» **EXERCISE DATA**:
== Segment start ==

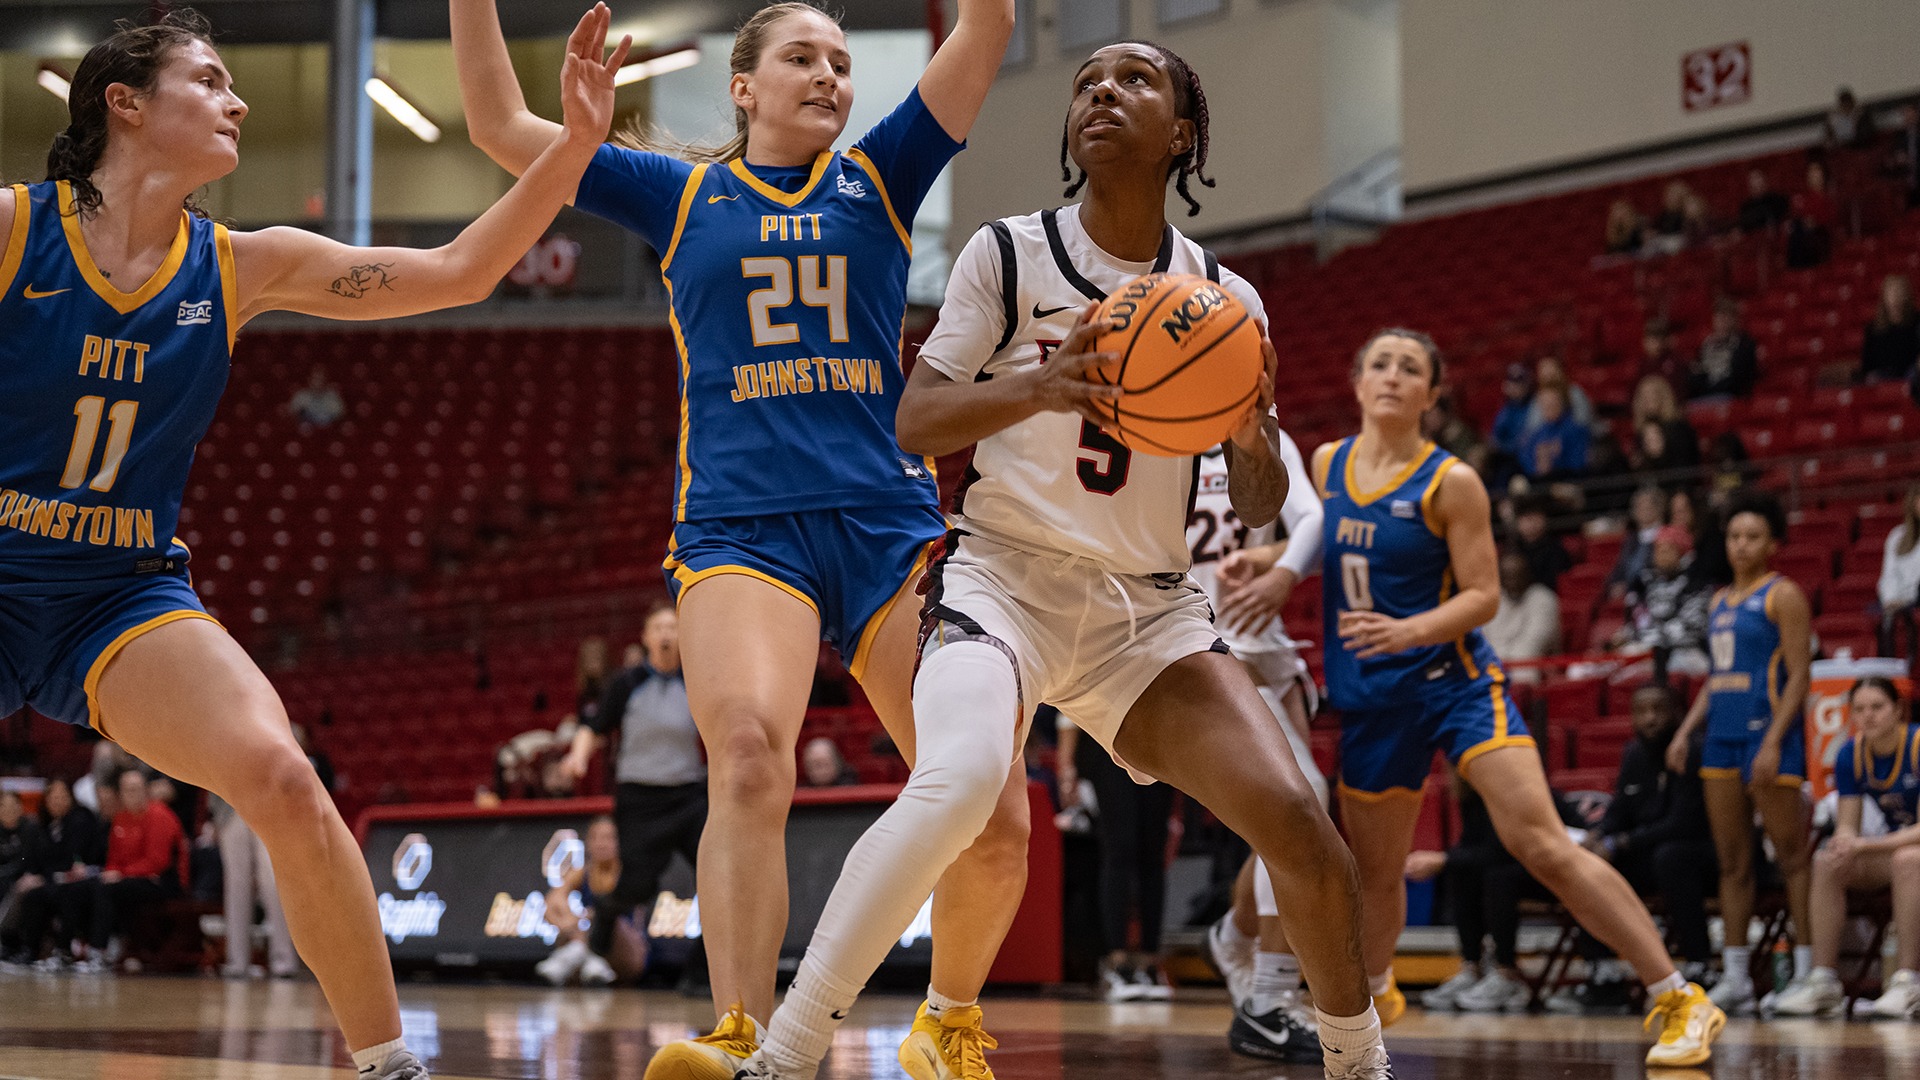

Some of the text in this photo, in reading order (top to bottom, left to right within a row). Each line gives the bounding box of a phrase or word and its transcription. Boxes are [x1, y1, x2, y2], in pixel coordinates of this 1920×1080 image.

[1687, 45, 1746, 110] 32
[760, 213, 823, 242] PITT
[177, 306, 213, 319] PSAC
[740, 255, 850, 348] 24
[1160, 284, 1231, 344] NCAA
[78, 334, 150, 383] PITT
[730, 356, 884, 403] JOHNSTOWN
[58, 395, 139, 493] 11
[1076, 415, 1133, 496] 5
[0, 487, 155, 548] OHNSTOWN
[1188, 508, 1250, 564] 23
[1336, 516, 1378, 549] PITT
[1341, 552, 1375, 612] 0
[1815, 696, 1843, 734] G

== Segment end ==

» **BRIEF**:
Excluding the images, return each record above precisely as written.

» **EXPECTED OUTPUT**:
Some of the text in this photo, in reading order (top to bottom, left to right within a row). Each line gives the bounding box of a phrase or word and its transcription. Boxes are [x1, y1, x2, y2], in pixel coordinates of this 1920×1080 image.

[1687, 45, 1746, 110] 32
[760, 213, 823, 242] PITT
[177, 306, 213, 319] PSAC
[740, 255, 850, 348] 24
[1160, 284, 1231, 344] NCAA
[78, 334, 150, 383] PITT
[730, 356, 884, 403] JOHNSTOWN
[58, 395, 139, 493] 11
[1076, 415, 1133, 496] 5
[0, 487, 155, 548] OHNSTOWN
[1188, 508, 1250, 564] 23
[1336, 516, 1378, 549] PITT
[1341, 552, 1375, 612] 0
[1815, 696, 1843, 734] G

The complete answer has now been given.